◆ WORK ORDER ◆
From the first line to the last, give the records again exactly and skip the pictures.

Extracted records
************
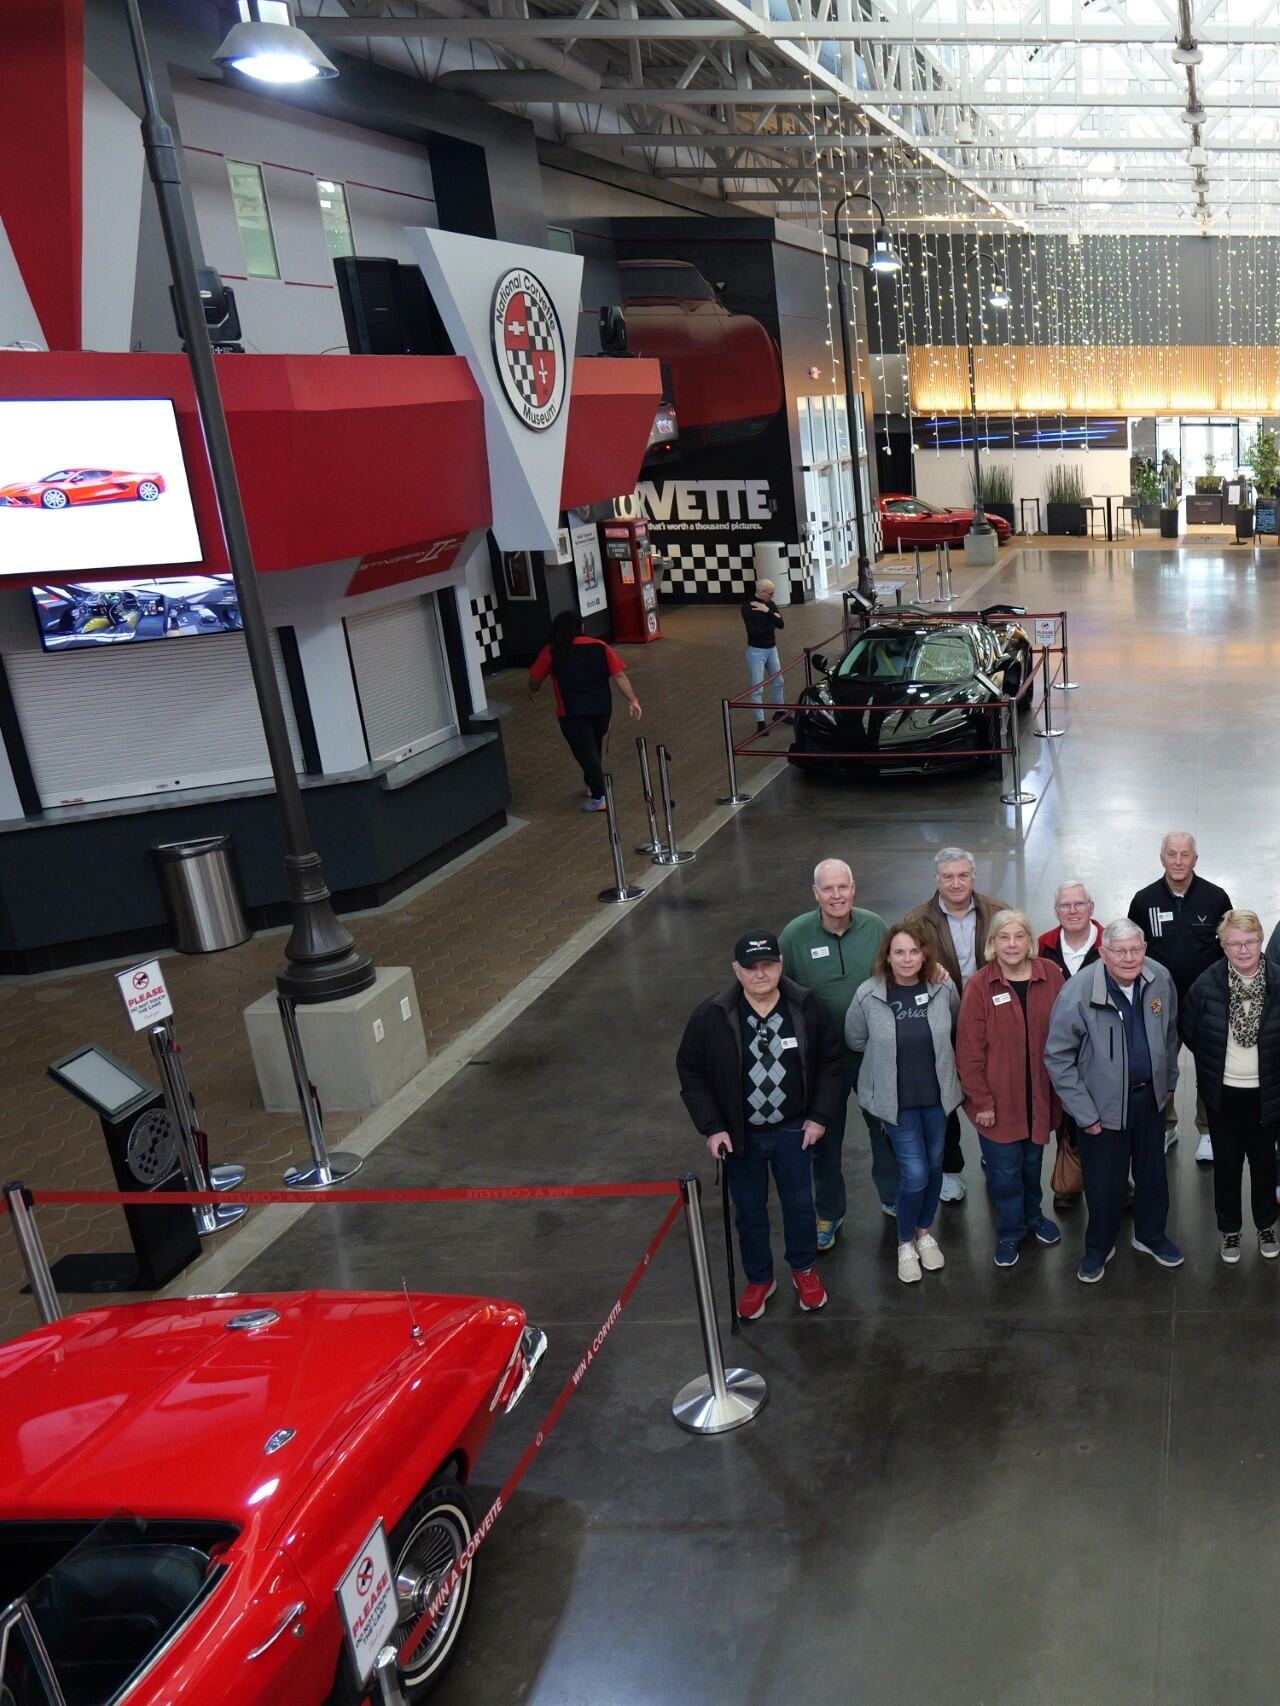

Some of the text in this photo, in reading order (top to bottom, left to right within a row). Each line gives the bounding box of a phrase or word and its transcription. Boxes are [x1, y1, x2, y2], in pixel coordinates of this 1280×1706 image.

[496, 273, 556, 331] National Corvette
[523, 403, 556, 425] Museum
[667, 522, 689, 530] worth
[695, 522, 729, 530] thousand
[128, 986, 164, 1007] PLEASE
[148, 1001, 162, 1009] CARS
[150, 994, 166, 1004] TOUCH
[572, 1299, 622, 1385] WIN A CORVETTE
[428, 1497, 503, 1619] WIN A CORVETTE
[352, 1570, 389, 1639] PLEASE
[364, 1615, 374, 1634] NOT
************
◆ TASK RESPONSE ◆
Some of the text in this photo, in reading order (top to bottom, left to right within a row). Each line gives the bounding box of a phrase or word and its transcription. Boxes are [x1, y1, x2, y2], in pixel coordinates of this 1280×1706 image.

[496, 273, 556, 331] National Corvette
[523, 403, 556, 425] Museum
[667, 522, 689, 530] worth
[695, 522, 729, 530] thousand
[128, 986, 164, 1007] PLEASE
[148, 1001, 162, 1009] CARS
[150, 994, 166, 1004] TOUCH
[572, 1299, 622, 1385] WIN A CORVETTE
[428, 1497, 503, 1619] WIN A CORVETTE
[352, 1570, 389, 1639] PLEASE
[364, 1615, 374, 1634] NOT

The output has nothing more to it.